Material for the task
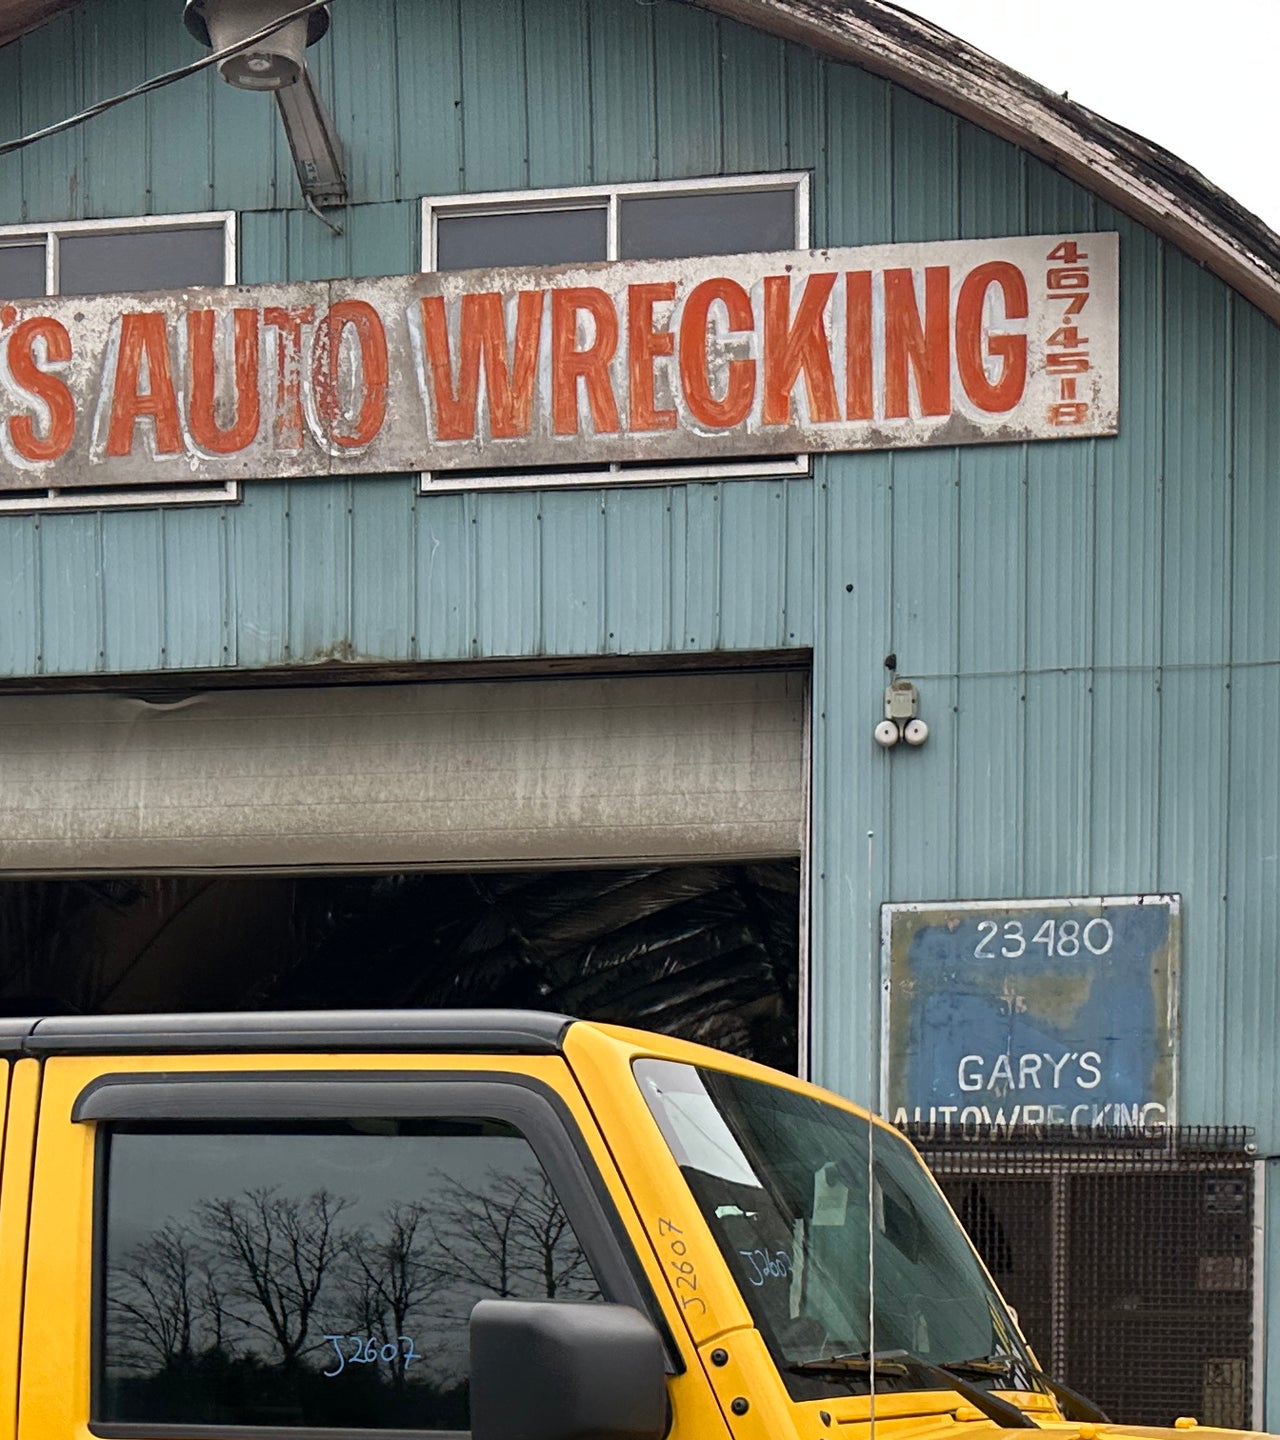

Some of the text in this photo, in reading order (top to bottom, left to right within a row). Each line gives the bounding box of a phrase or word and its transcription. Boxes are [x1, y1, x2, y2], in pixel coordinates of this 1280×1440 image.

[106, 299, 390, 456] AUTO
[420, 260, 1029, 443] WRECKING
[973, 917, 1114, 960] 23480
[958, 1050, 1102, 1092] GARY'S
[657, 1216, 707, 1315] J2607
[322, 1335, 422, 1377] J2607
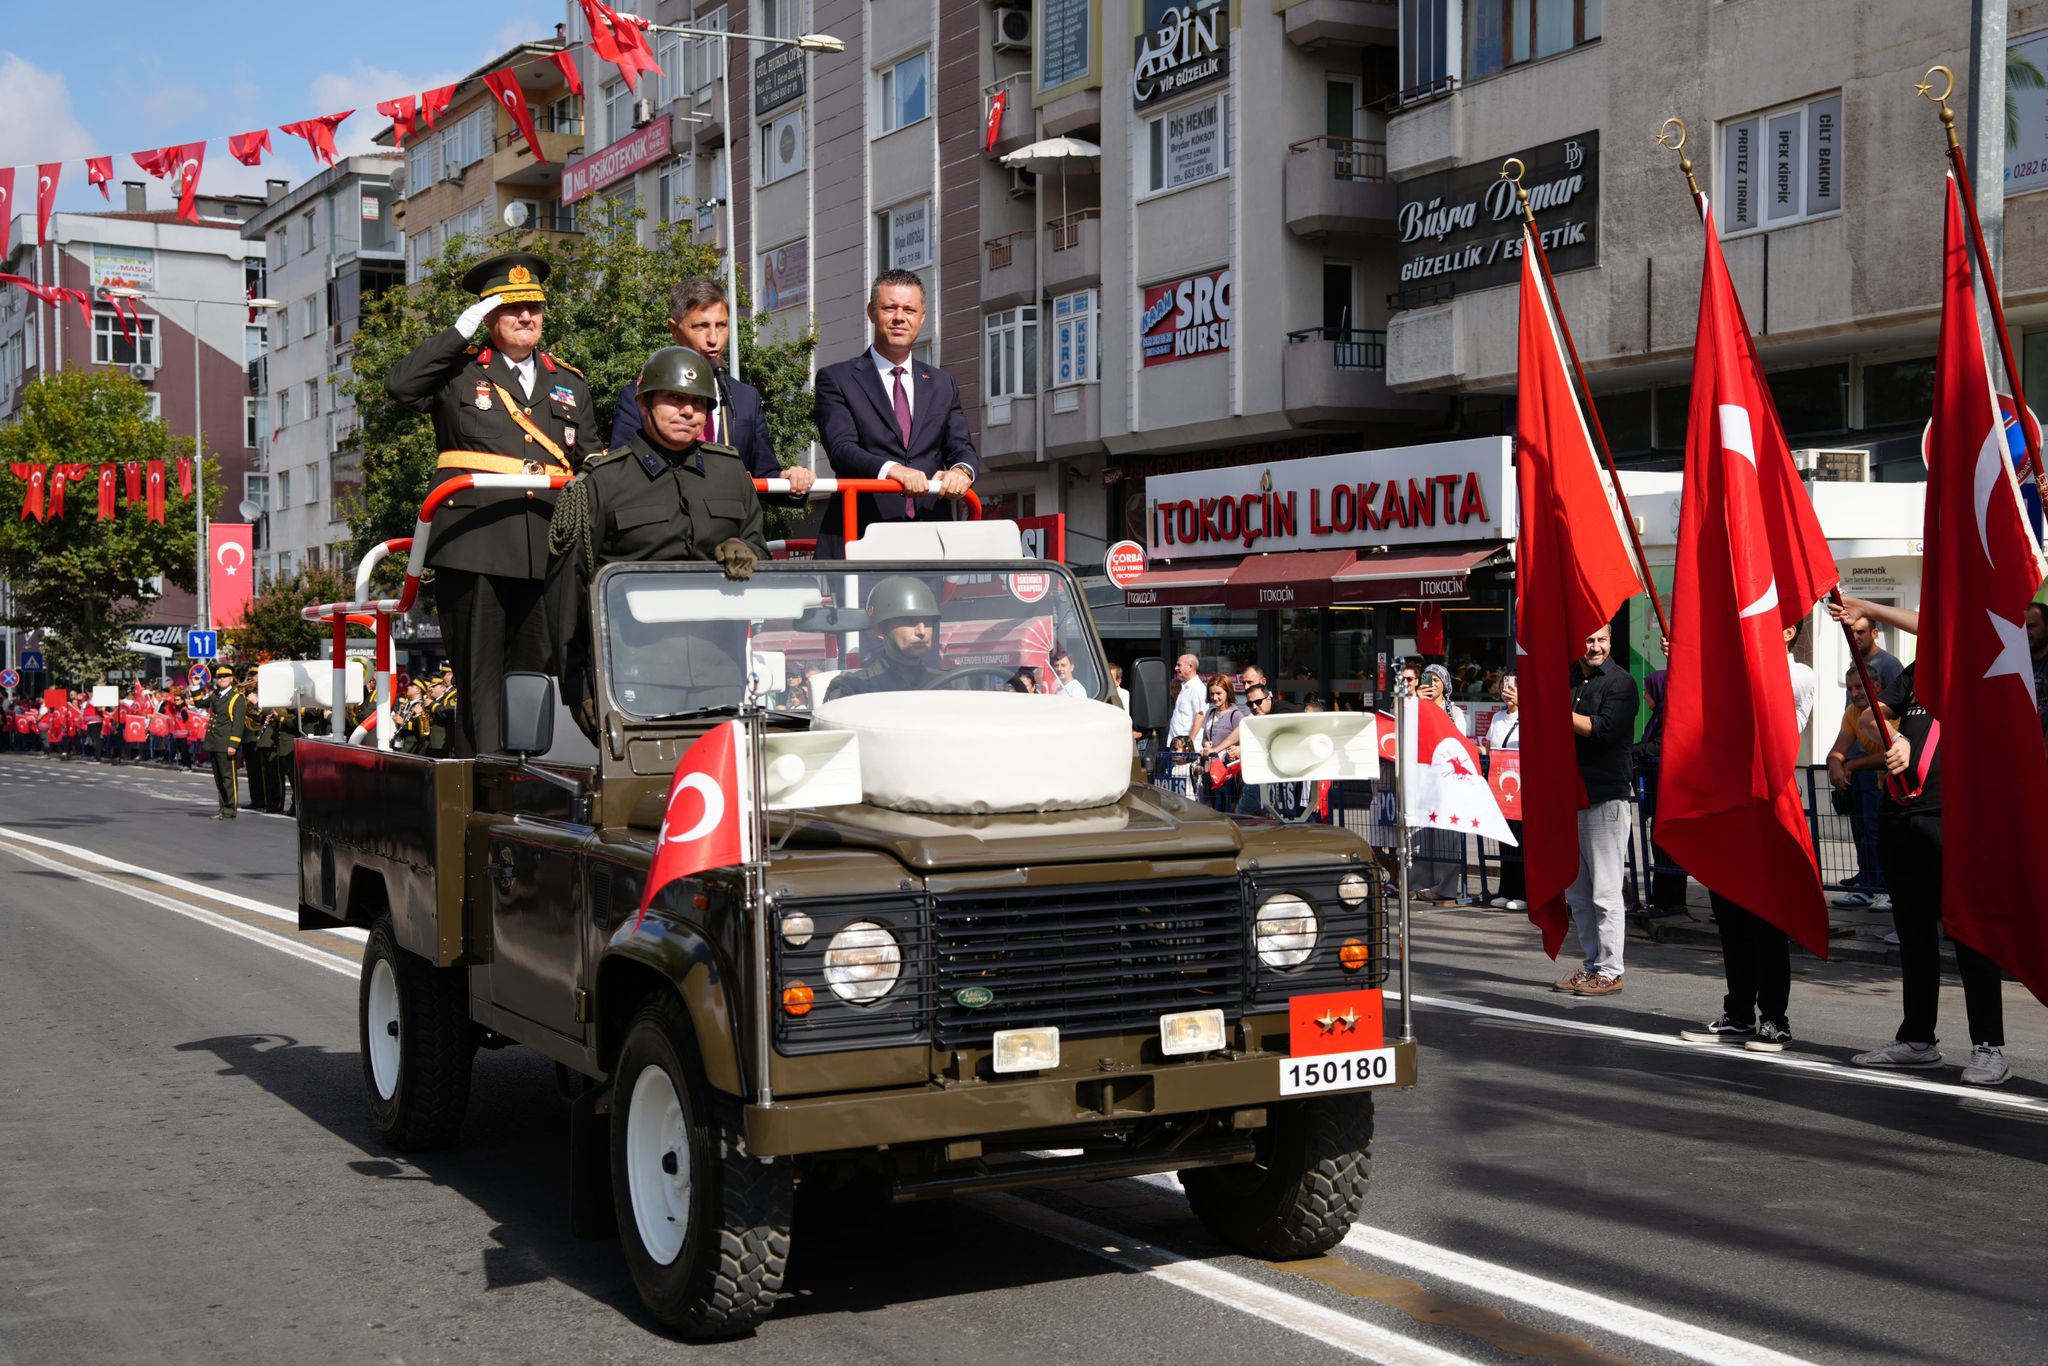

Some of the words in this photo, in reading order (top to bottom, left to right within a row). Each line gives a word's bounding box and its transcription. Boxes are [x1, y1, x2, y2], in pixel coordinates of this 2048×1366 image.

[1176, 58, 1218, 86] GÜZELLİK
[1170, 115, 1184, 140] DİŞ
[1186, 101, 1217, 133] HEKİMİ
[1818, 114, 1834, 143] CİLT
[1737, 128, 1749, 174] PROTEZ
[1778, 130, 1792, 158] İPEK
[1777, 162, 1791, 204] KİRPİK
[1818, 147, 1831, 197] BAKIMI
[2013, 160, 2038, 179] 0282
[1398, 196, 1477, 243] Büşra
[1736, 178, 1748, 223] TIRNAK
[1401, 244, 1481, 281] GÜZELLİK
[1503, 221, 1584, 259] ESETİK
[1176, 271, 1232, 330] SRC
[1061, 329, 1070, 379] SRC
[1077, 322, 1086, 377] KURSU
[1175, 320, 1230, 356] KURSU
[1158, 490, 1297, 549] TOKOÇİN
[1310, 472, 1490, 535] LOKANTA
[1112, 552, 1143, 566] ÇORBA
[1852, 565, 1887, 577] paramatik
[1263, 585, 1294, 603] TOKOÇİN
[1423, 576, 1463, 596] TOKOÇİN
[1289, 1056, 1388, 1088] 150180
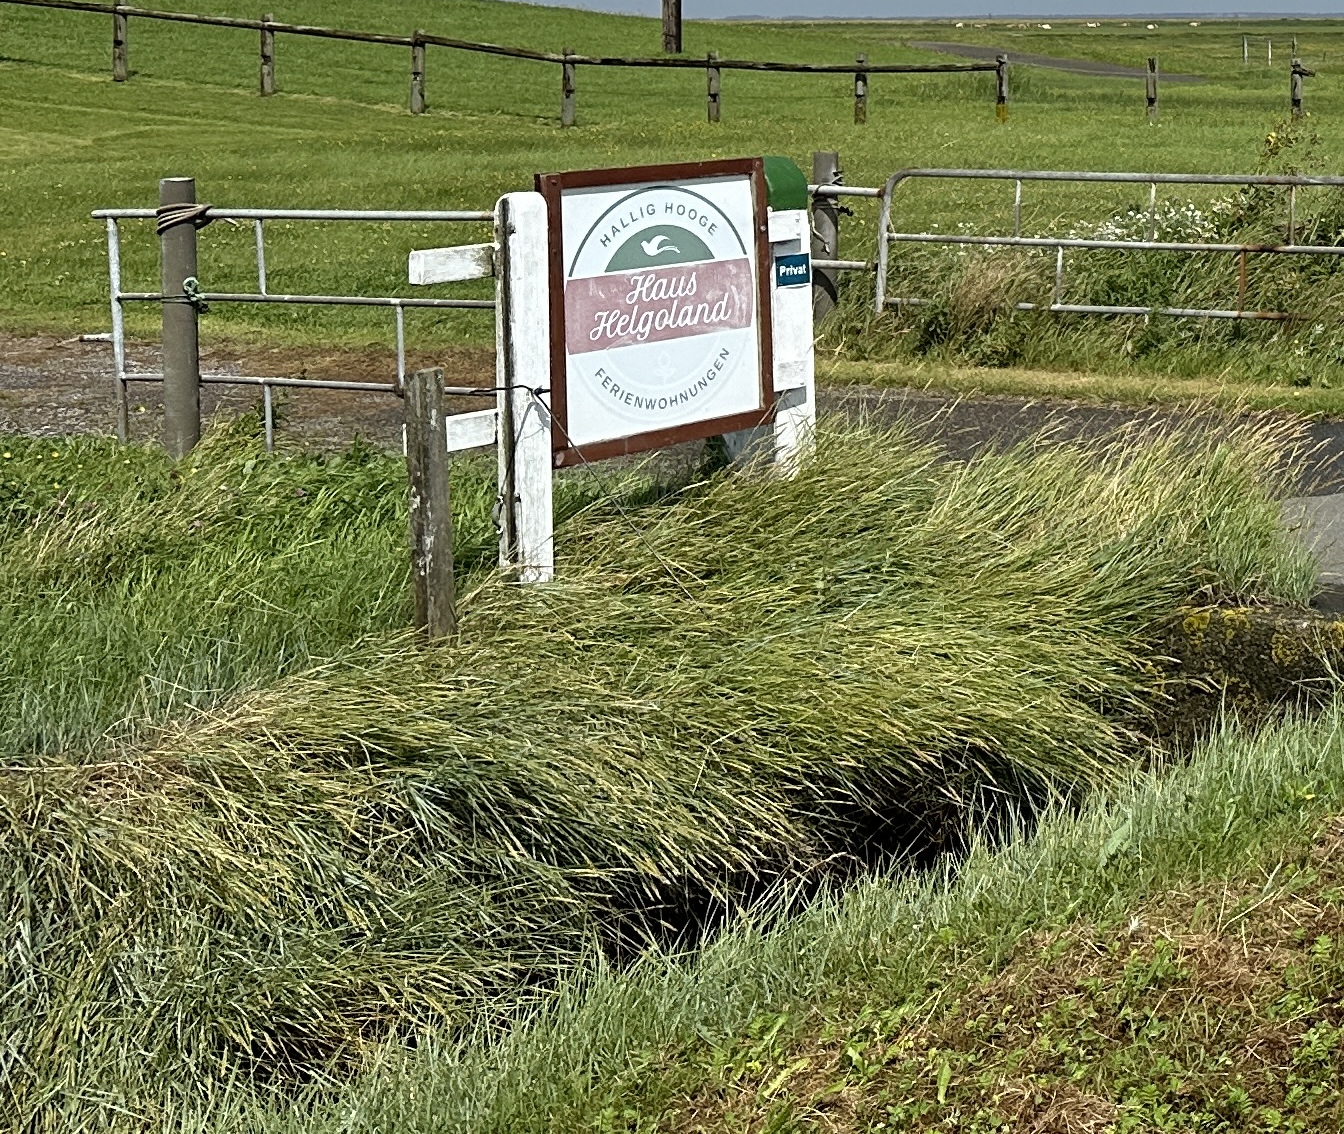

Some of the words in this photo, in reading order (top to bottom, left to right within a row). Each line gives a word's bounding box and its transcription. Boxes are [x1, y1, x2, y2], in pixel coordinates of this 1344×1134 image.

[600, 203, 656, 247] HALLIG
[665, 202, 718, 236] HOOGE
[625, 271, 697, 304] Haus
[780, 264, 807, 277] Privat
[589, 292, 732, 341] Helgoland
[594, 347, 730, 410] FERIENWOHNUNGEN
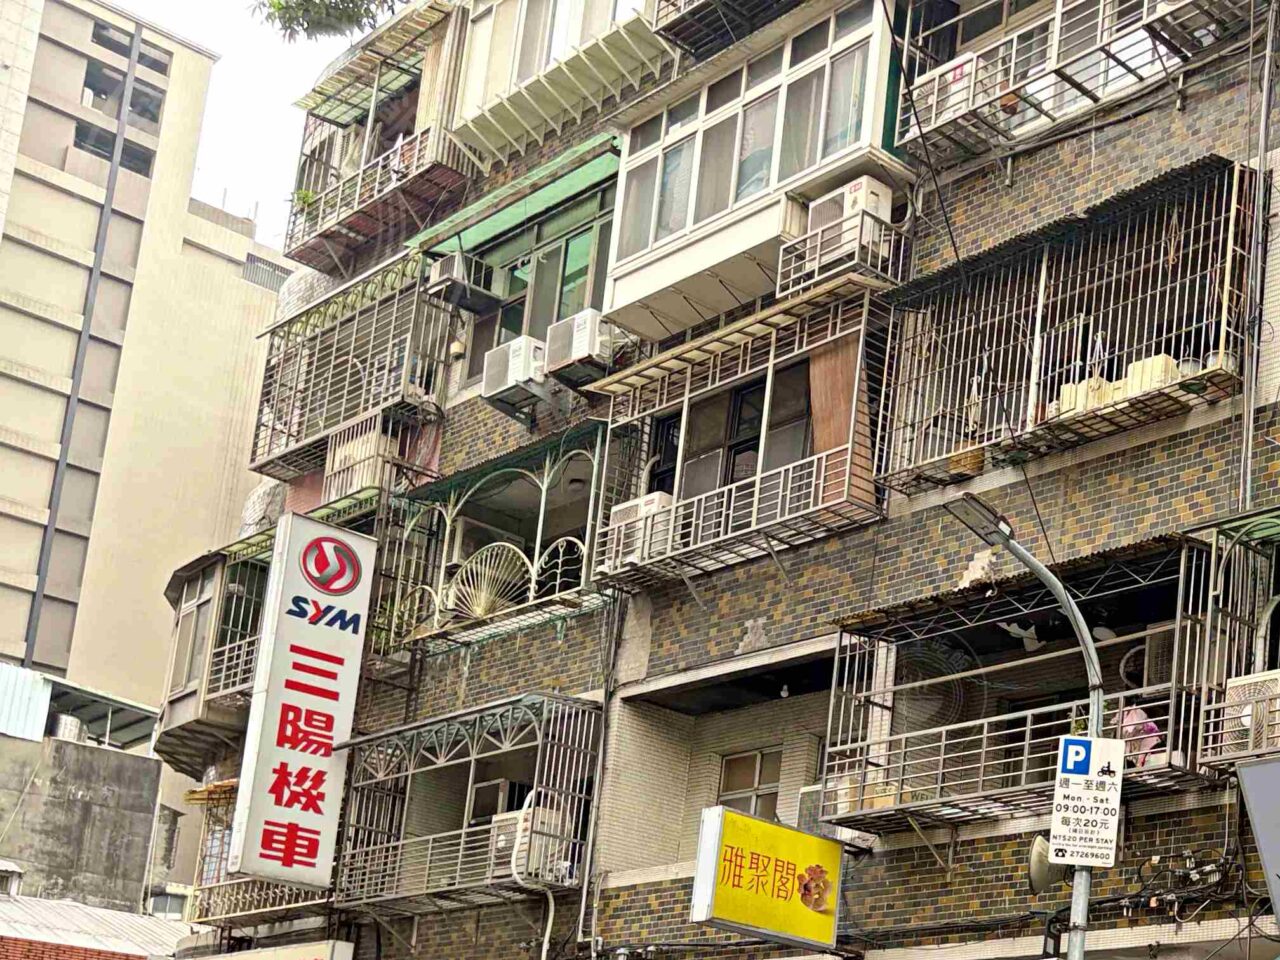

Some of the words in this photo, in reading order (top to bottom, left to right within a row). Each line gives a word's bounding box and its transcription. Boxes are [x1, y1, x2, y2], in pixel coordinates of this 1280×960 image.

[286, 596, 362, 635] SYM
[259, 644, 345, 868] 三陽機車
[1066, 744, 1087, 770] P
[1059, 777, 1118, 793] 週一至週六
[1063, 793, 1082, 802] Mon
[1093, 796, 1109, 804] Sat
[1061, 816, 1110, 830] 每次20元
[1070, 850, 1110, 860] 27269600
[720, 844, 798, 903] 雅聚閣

Work task
Images stay out, but the rest of the data above must be repeated exactly.

Answer to this problem
Some of the text in this photo, in reading order (top to bottom, left to right within a row). Each line gives the bounding box of a phrase or word and its transcription. Boxes are [x1, y1, x2, y2], in pixel coordinates of this 1280×1440 image.

[106, 299, 390, 456] AUTO
[420, 260, 1029, 443] WRECKING
[973, 917, 1114, 960] 23480
[958, 1050, 1102, 1092] GARY'S
[657, 1216, 707, 1315] J2607
[322, 1335, 422, 1377] J2607

Some of the words in this photo, in reading order (top to bottom, left to right within a row). Each line gives a word's bounding box and its transcription. Boxes are [x1, y1, x2, y2], in pixel coordinates of this 2048×1366 image.

[1176, 58, 1218, 86] GÜZELLİK
[1170, 115, 1184, 140] DİŞ
[1186, 101, 1217, 133] HEKİMİ
[1818, 114, 1834, 143] CİLT
[1737, 128, 1749, 174] PROTEZ
[1778, 130, 1792, 158] İPEK
[1777, 162, 1791, 204] KİRPİK
[1818, 147, 1831, 197] BAKIMI
[2013, 160, 2038, 179] 0282
[1398, 196, 1477, 243] Büşra
[1736, 178, 1748, 223] TIRNAK
[1401, 244, 1481, 281] GÜZELLİK
[1503, 221, 1584, 259] ESETİK
[1176, 271, 1232, 330] SRC
[1061, 329, 1070, 379] SRC
[1077, 322, 1086, 377] KURSU
[1175, 320, 1230, 356] KURSU
[1158, 490, 1297, 549] TOKOÇİN
[1310, 472, 1490, 535] LOKANTA
[1112, 552, 1143, 566] ÇORBA
[1852, 565, 1887, 577] paramatik
[1263, 585, 1294, 603] TOKOÇİN
[1423, 576, 1463, 596] TOKOÇİN
[1289, 1056, 1388, 1088] 150180

Some of the words in this photo, in reading order (top to bottom, left to right within a row). Each line gives a word's bounding box and its transcription. Boxes are [x1, y1, x2, y2], in pixel coordinates of this 1344×1134 image.

[600, 203, 656, 247] HALLIG
[665, 202, 718, 236] HOOGE
[625, 271, 697, 304] Haus
[780, 264, 807, 277] Privat
[589, 292, 732, 341] Helgoland
[594, 347, 730, 410] FERIENWOHNUNGEN

Some of the words in this photo, in reading order (top to bottom, left to right within a row). Each line gives a word's bounding box and its transcription. Boxes are [x1, y1, x2, y2], in pixel coordinates of this 1280×960 image.

[286, 596, 362, 635] SYM
[259, 644, 345, 868] 三陽機車
[1066, 744, 1087, 770] P
[1059, 777, 1118, 793] 週一至週六
[1063, 793, 1082, 802] Mon
[1093, 796, 1109, 804] Sat
[1061, 816, 1110, 830] 每次20元
[1070, 850, 1110, 860] 27269600
[720, 844, 798, 903] 雅聚閣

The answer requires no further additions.